-------- Data in this exercise

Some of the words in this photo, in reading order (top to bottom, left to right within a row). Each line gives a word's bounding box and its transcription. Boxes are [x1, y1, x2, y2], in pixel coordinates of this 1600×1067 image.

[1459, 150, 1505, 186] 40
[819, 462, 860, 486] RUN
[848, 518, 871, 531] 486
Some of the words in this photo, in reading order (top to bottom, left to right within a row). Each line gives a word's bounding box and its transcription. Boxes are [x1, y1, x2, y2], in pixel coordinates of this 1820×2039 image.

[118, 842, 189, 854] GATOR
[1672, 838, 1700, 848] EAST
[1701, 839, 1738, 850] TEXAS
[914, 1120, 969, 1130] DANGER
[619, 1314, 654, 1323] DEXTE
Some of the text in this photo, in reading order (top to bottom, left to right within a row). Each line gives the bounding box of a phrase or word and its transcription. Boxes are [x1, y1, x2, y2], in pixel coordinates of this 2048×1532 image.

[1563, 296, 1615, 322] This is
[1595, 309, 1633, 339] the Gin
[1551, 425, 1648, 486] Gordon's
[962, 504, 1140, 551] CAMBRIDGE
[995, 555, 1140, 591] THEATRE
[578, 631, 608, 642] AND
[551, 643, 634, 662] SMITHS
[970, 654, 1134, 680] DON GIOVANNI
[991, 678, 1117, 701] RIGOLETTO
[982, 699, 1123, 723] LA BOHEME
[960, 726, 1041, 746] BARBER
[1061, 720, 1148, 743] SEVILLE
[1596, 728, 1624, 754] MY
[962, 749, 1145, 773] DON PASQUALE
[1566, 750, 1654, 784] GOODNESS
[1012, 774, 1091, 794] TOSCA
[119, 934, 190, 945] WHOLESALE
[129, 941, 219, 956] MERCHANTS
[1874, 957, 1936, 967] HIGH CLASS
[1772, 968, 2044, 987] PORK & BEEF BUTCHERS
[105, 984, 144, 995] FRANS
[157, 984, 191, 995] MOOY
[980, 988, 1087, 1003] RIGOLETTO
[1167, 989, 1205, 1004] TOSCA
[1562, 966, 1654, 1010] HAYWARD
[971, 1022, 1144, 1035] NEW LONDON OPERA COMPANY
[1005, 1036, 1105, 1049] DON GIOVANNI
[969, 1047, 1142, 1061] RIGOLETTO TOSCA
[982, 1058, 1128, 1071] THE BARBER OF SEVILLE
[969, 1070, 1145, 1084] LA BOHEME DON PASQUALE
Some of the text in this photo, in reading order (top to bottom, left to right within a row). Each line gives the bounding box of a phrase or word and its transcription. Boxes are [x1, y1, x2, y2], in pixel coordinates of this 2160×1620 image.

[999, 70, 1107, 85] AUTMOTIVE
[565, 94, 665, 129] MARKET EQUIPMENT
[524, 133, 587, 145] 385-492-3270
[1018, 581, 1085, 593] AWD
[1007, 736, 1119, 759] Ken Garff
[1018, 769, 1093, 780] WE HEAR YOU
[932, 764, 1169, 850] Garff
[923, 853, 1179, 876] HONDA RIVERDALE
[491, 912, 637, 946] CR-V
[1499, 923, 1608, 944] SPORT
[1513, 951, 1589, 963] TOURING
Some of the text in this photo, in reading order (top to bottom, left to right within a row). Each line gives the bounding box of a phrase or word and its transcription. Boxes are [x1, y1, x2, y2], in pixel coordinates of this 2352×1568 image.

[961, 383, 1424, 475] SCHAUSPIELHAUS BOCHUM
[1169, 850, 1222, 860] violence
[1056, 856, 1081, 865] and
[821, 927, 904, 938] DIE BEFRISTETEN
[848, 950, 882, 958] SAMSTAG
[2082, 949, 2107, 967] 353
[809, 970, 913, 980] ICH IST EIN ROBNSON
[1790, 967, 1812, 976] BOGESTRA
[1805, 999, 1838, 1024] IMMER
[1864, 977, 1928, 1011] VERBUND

----------------

Activity ▸ Give back the data above, repeating every record exactly.

Exercise answer ▸
Some of the words in this photo, in reading order (top to bottom, left to right within a row). Each line gives a word's bounding box and its transcription. Boxes are [x1, y1, x2, y2], in pixel coordinates of this 1600×1067 image.

[1459, 150, 1505, 186] 40
[819, 462, 860, 486] RUN
[848, 518, 871, 531] 486
Some of the words in this photo, in reading order (top to bottom, left to right within a row). Each line gives a word's bounding box and its transcription. Boxes are [x1, y1, x2, y2], in pixel coordinates of this 1820×2039 image.

[118, 842, 189, 854] GATOR
[1672, 838, 1700, 848] EAST
[1701, 839, 1738, 850] TEXAS
[914, 1120, 969, 1130] DANGER
[619, 1314, 654, 1323] DEXTE
Some of the text in this photo, in reading order (top to bottom, left to right within a row). Each line gives the bounding box of a phrase or word and its transcription. Boxes are [x1, y1, x2, y2], in pixel coordinates of this 2048×1532 image.

[1563, 296, 1615, 322] This is
[1595, 309, 1633, 339] the Gin
[1551, 425, 1648, 486] Gordon's
[962, 504, 1140, 551] CAMBRIDGE
[995, 555, 1140, 591] THEATRE
[578, 631, 608, 642] AND
[551, 643, 634, 662] SMITHS
[970, 654, 1134, 680] DON GIOVANNI
[991, 678, 1117, 701] RIGOLETTO
[982, 699, 1123, 723] LA BOHEME
[960, 726, 1041, 746] BARBER
[1061, 720, 1148, 743] SEVILLE
[1596, 728, 1624, 754] MY
[962, 749, 1145, 773] DON PASQUALE
[1566, 750, 1654, 784] GOODNESS
[1012, 774, 1091, 794] TOSCA
[119, 934, 190, 945] WHOLESALE
[129, 941, 219, 956] MERCHANTS
[1874, 957, 1936, 967] HIGH CLASS
[1772, 968, 2044, 987] PORK & BEEF BUTCHERS
[105, 984, 144, 995] FRANS
[157, 984, 191, 995] MOOY
[980, 988, 1087, 1003] RIGOLETTO
[1167, 989, 1205, 1004] TOSCA
[1562, 966, 1654, 1010] HAYWARD
[971, 1022, 1144, 1035] NEW LONDON OPERA COMPANY
[1005, 1036, 1105, 1049] DON GIOVANNI
[969, 1047, 1142, 1061] RIGOLETTO TOSCA
[982, 1058, 1128, 1071] THE BARBER OF SEVILLE
[969, 1070, 1145, 1084] LA BOHEME DON PASQUALE
Some of the text in this photo, in reading order (top to bottom, left to right within a row). Each line gives the bounding box of a phrase or word and its transcription. Boxes are [x1, y1, x2, y2], in pixel coordinates of this 2160×1620 image.

[999, 70, 1107, 85] AUTMOTIVE
[565, 94, 665, 129] MARKET EQUIPMENT
[524, 133, 587, 145] 385-492-3270
[1018, 581, 1085, 593] AWD
[1007, 736, 1119, 759] Ken Garff
[1018, 769, 1093, 780] WE HEAR YOU
[932, 764, 1169, 850] Garff
[923, 853, 1179, 876] HONDA RIVERDALE
[491, 912, 637, 946] CR-V
[1499, 923, 1608, 944] SPORT
[1513, 951, 1589, 963] TOURING
Some of the text in this photo, in reading order (top to bottom, left to right within a row). Each line gives the bounding box of a phrase or word and its transcription. Boxes are [x1, y1, x2, y2], in pixel coordinates of this 2352×1568 image.

[961, 383, 1424, 475] SCHAUSPIELHAUS BOCHUM
[1169, 850, 1222, 860] violence
[1056, 856, 1081, 865] and
[821, 927, 904, 938] DIE BEFRISTETEN
[848, 950, 882, 958] SAMSTAG
[2082, 949, 2107, 967] 353
[809, 970, 913, 980] ICH IST EIN ROBNSON
[1790, 967, 1812, 976] BOGESTRA
[1805, 999, 1838, 1024] IMMER
[1864, 977, 1928, 1011] VERBUND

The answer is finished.